My feet are sweating, my eyes are dry and my tongue can’t decide whether to rest against the floor or the roof of my mouth. Were my knees always this bony?
That feeling when you can’t seem to find a comfortable position, as if your bed is a shoe shoved hastily onto the wrong foot. Too hot, then too cold, then somehow forming weird pressure areas in places you didn’t even know you had.
I started losing sleep big time the first year after I qualified. No matter what I did, nothing seemed to disengage the engine in my brain, revving away churning the day’s events over and over searching for mistakes and catastrophes that I was damned sure hadn’t happened. Why? Because I’d checked.
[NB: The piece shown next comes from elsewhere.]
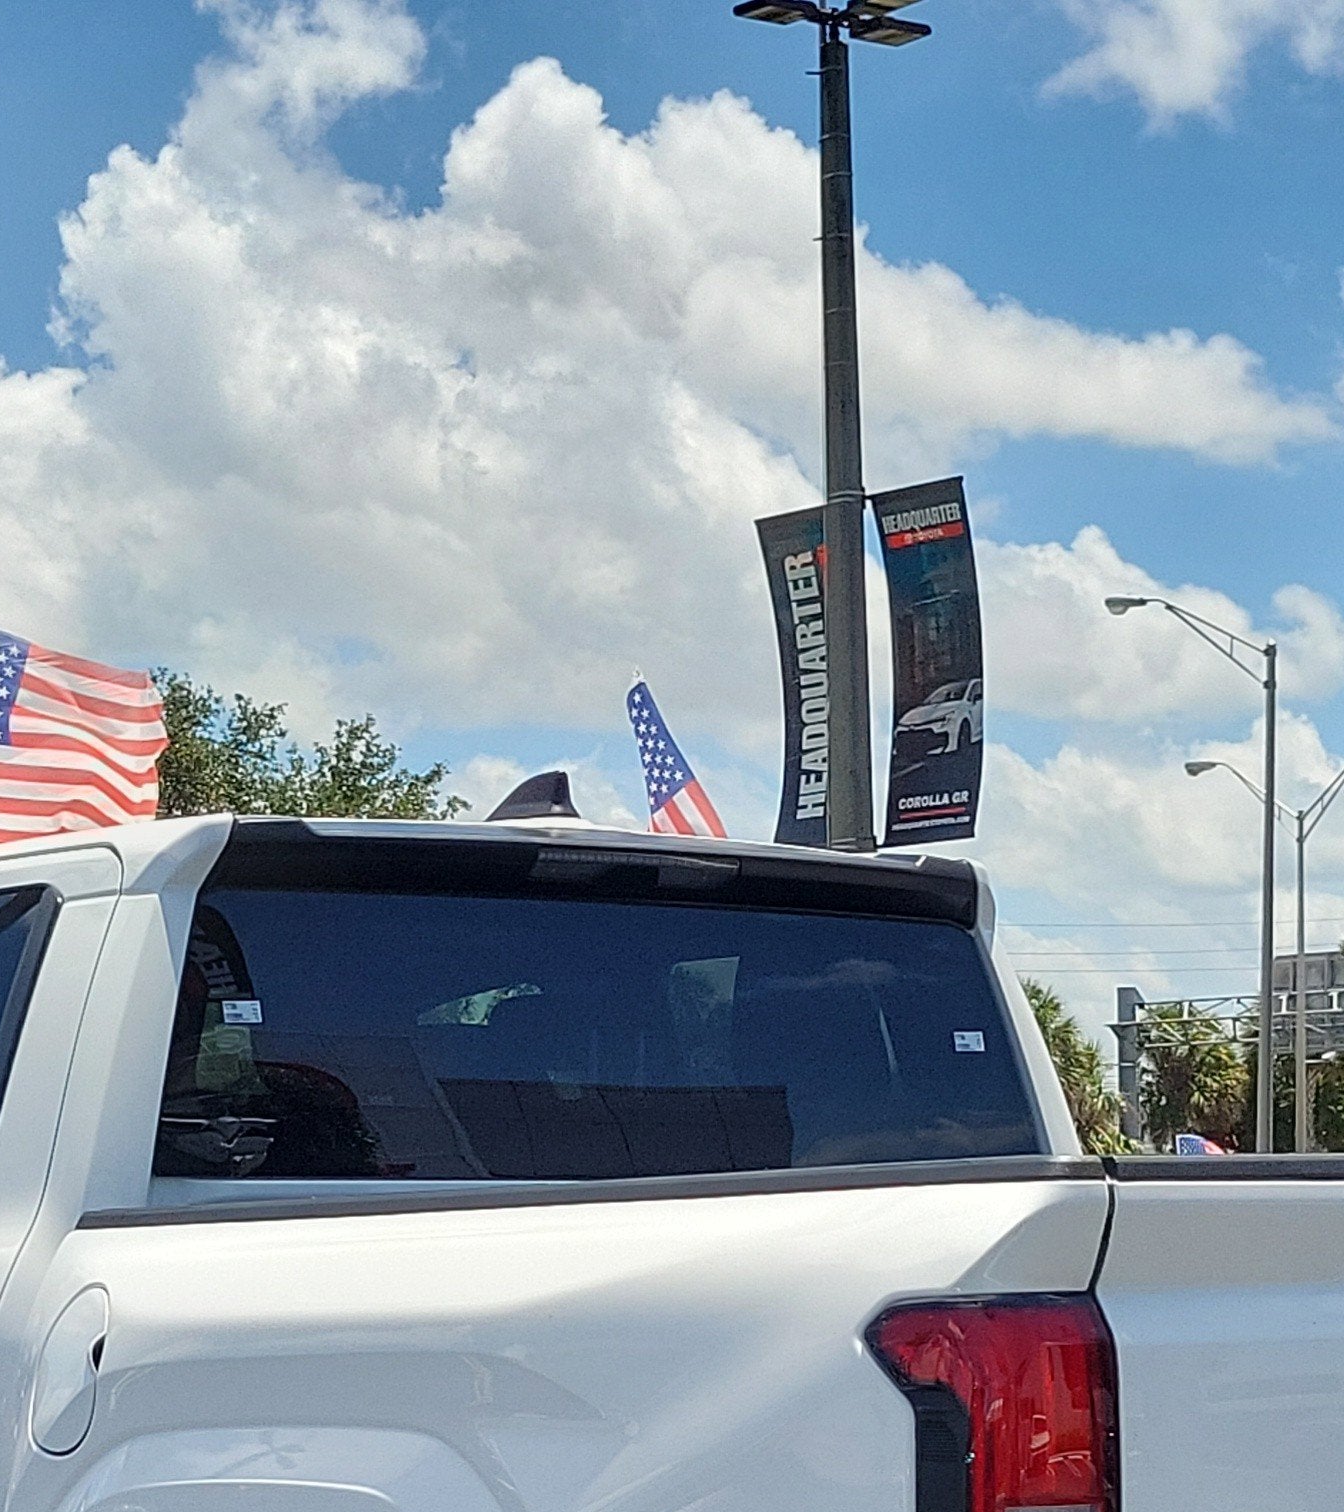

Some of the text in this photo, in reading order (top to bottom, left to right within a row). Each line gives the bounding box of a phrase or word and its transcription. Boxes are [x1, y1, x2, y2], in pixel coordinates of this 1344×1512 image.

My god the checking. I wince when I think back to the time, mental energy and telomeres I wasting checking almost inconsequentially insignificant minutiae of my day to ensure that yes, for the fifth time, I’m not going to kill Mrs Higgins by giving a litre of fluid over ten hours rather than twelve.
My current self would make past-me shriek, so cavalier and hasty I must seem in my decision making. But I’m not. I’ve simply built up enough experience to have the confidence to know which decisions warrant more thought than others. Having seen Co-amoxiclav prescribed 1.2g TDS three hundred or so times, and having seen no ill effects, I’m far more willing to prescribe them because my patient ‘might have pneumonia’.
What’s the point of this? It’s to say to my previous self, and to others in the same position, that it will get better. It just takes that bit of time for the anxious brain to trust itself, and it’s own judgement, to allow itself the opportunity to relax into the wonderful profession that is being a doctor.